Doesn't matter what the human eye perceives. Our eye judgement is irrelevant in the age of cameras.
 

Adversus

New member
It's a joke people are complaining about offsides. It's the one thing VAR can get right or at least as close to right every decision. Now for penalties I think it's a mixed bag, football is a contact sport and determining what contact is enough to warrant a penalty using slow mo on a TV screen from a room a mile away is probably more difficult than at full speed a few yards away.
 

Birdy

Senior Member
Not at all. It's the problem of being able to consistently call an offside based on what you can observe, which was the problem for decades.

Doesn't matter what the human eye perceives. Our eye judgement is irrelevant in the age of cameras.

No man, you don't get my point. I have said enough to rest my case.

Think only about how many indignation VAR guidelines create in offside, ask yourself why, and then compare to goal-line technology where no one complains. Accidental? Not at all.
Because goal-line technology was a case in which human eye needed technological augmentation to see whether the ball went over the line, something (technological augmentation of the human eye) was never the case with the offside, which was always understood relatively to the human eye.
 

El Gato

Villarato!
Because goal-line technology was a case in which human eye needed technological augmentation to see whether the ball went over the line, something (technological augmentation of the human eye) was never the case with the offside, which was always understood relatively to the human eye.

Yes it was understood as so. And it produced thousands of incorrect calls, including those that were too close to overturn by virtue of not having anything better than a human eye to discern whether a mistake was made. You can keep pretending as if everything was fine by human eye. Doesn't make it so.
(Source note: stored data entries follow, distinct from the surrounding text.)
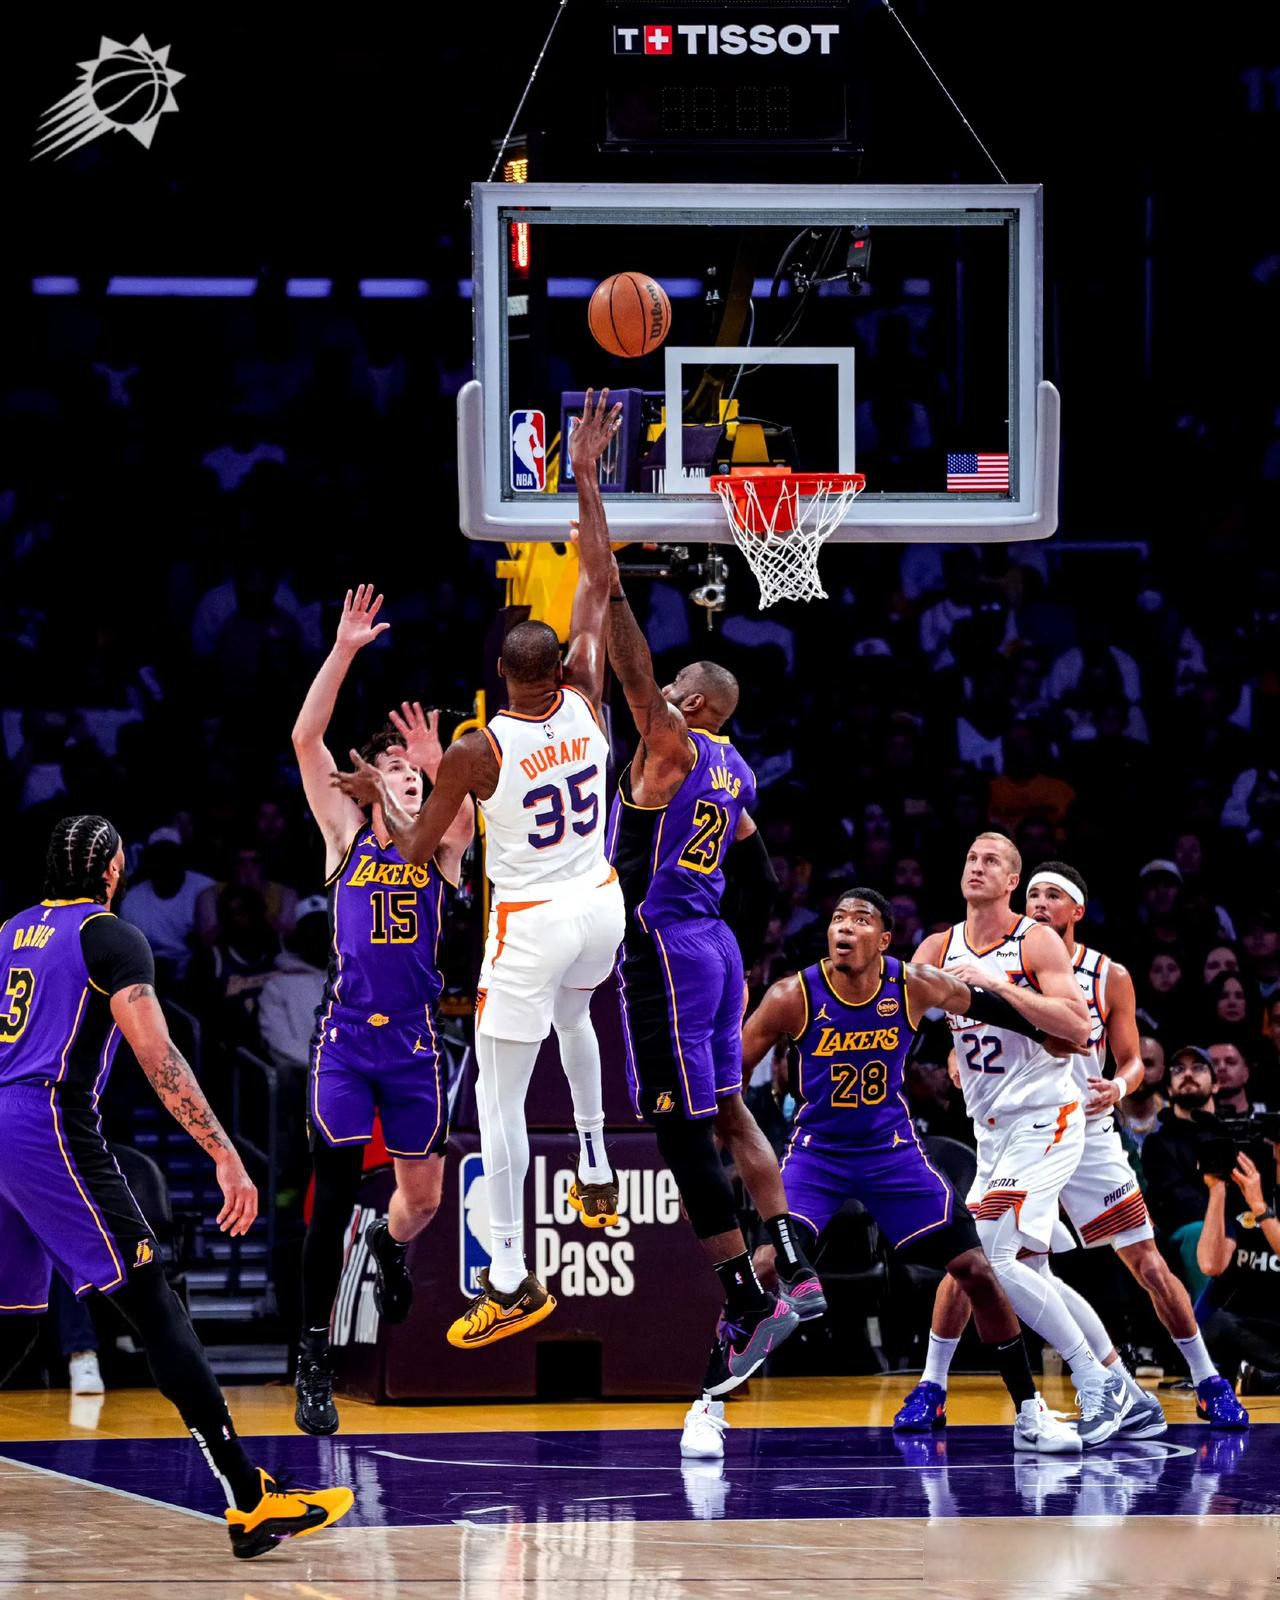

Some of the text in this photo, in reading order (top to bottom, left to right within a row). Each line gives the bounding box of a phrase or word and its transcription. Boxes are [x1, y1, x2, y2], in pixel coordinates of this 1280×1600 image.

[678, 24, 840, 55] TISSOT
[646, 284, 663, 340] Wilson
[516, 473, 533, 487] NBA
[520, 737, 590, 780] DURANT
[522, 764, 599, 850] 35
[677, 799, 729, 875] 23
[346, 855, 430, 888] LAKERS
[13, 924, 56, 950] DAVIS
[370, 891, 418, 944] 15
[0, 967, 35, 1044] 3
[811, 1027, 899, 1056] LAKERS
[961, 1033, 1005, 1074] 22
[831, 1060, 887, 1108] 28
[535, 1156, 680, 1238] Legue
[535, 1228, 635, 1297] Pass
Silly notion tbh.

Referees need help with offsides as much as they did with the goal line tech, especially since their judgement is absolutely useless over 30m distances in close call situations from a sideline and movement often happening at full sprint.
 

Morten

Senior Member
Absolutely ridiculous to allow Pickford to continue after that challenge, even if it was offside before that.
They could just have sent him off but given Everton free kick for offside, couldnt they?
 

Gnidrologist

Senior Member
Agree with Birdy here. Offside by and elbow, tip of the nose or bulge in the pants being 3 millimeters closer to goal should not be an offside call and time should not be wasted. There should be a rule if judges in the VAR room cannot determine an offside situation within first 10 seconds of reviewing the replay motion, there is no offside. There was a good reason why attackers were given the benefit of the decision, if offside situation was deemed dubious. Should stop disrupting flow of the game to measure if hair in someone's nostril reaching over the computer manufactured line could be a decisive factor. No wonder this farce is so predominant in UK. They love absurd policing of non issues, while ignoring the real problems.
 

Porque

Senior Member
Absolutely ridiculous to allow Pickford to continue after that challenge, even if it was offside before that.
They could just have sent him off but given Everton free kick for offside, couldnt they?
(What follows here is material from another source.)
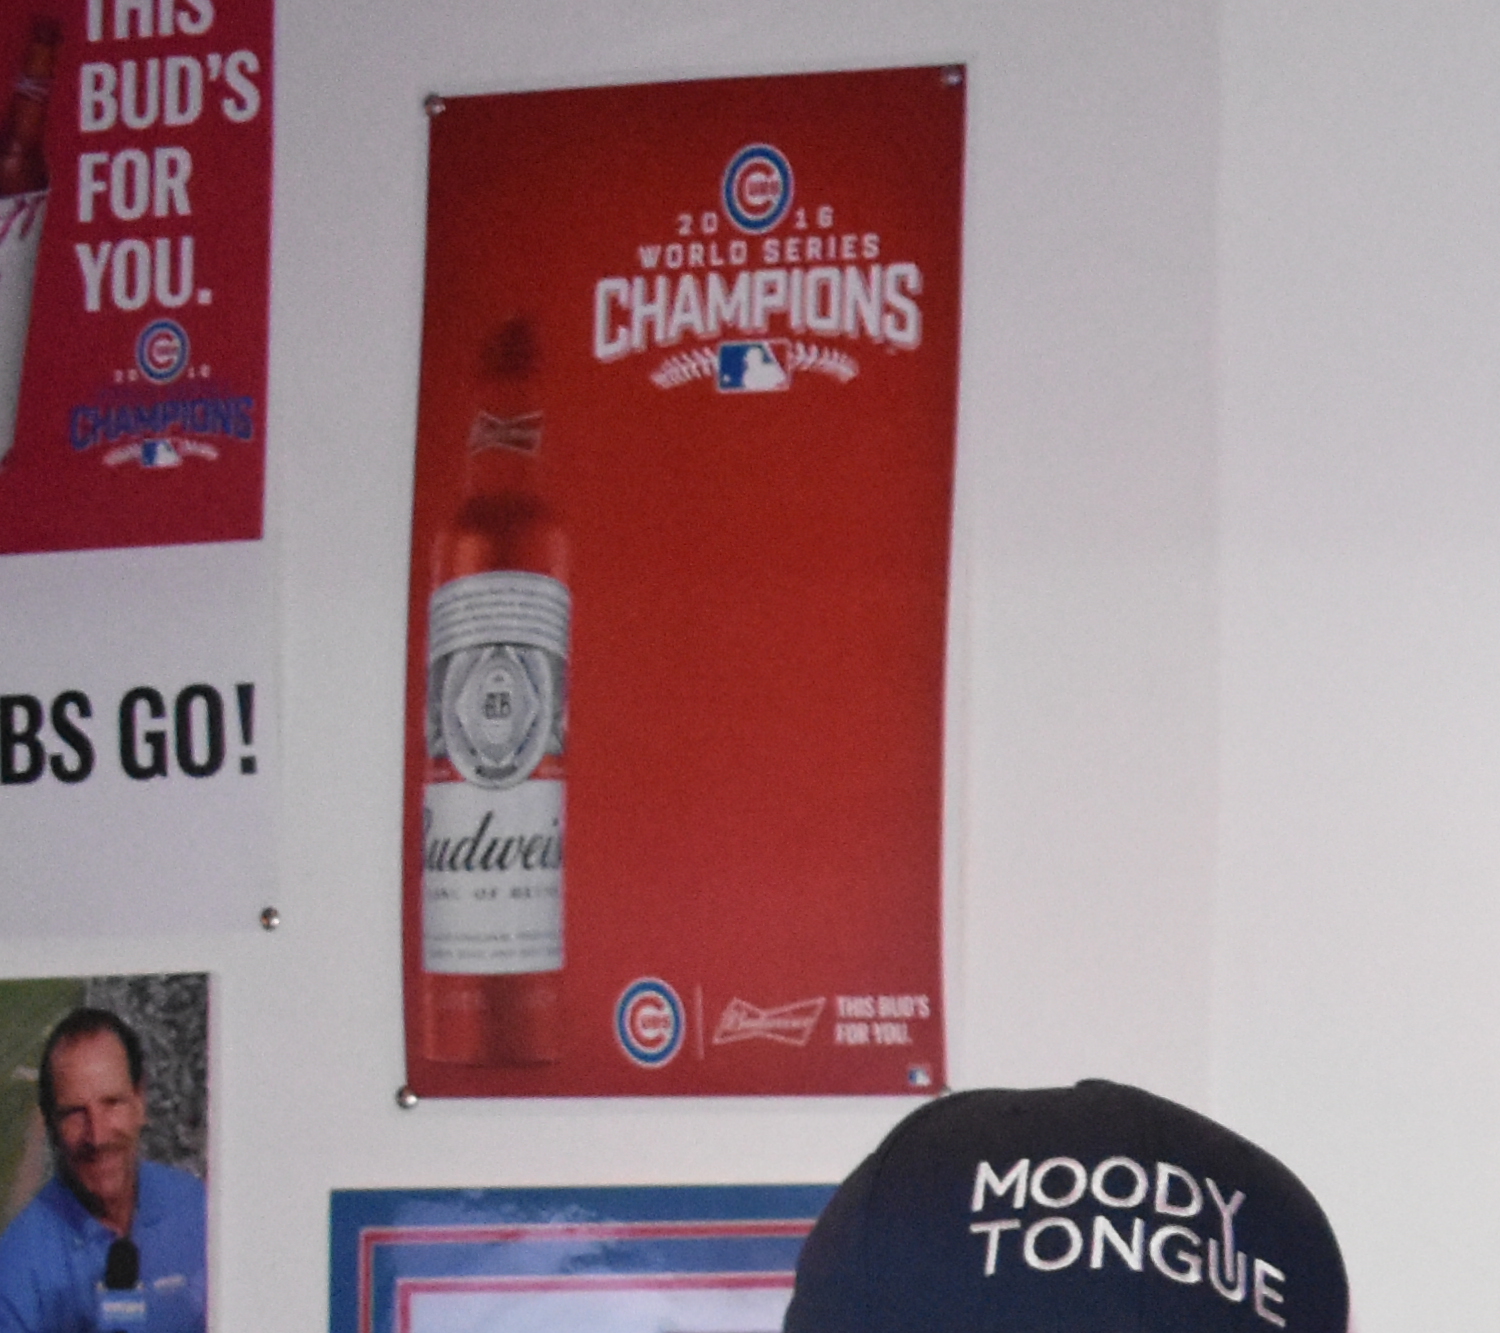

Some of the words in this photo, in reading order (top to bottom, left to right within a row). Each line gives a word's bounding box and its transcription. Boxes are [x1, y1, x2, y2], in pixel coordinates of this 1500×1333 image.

Not contesting your point in any way, do you remember the Ghana sending off reversal at WC2006 after the play was ruled offside.

Horrible tackle and another case of this weird rule.
 

Morten

Senior Member
Not contesting your point in any way, do you remember the Ghana sending off reversal at WC2006 after the play was ruled offside.

Horrible tackle and another case of this weird rule.


No memory of that game(doubt i watched it), but i will look it up.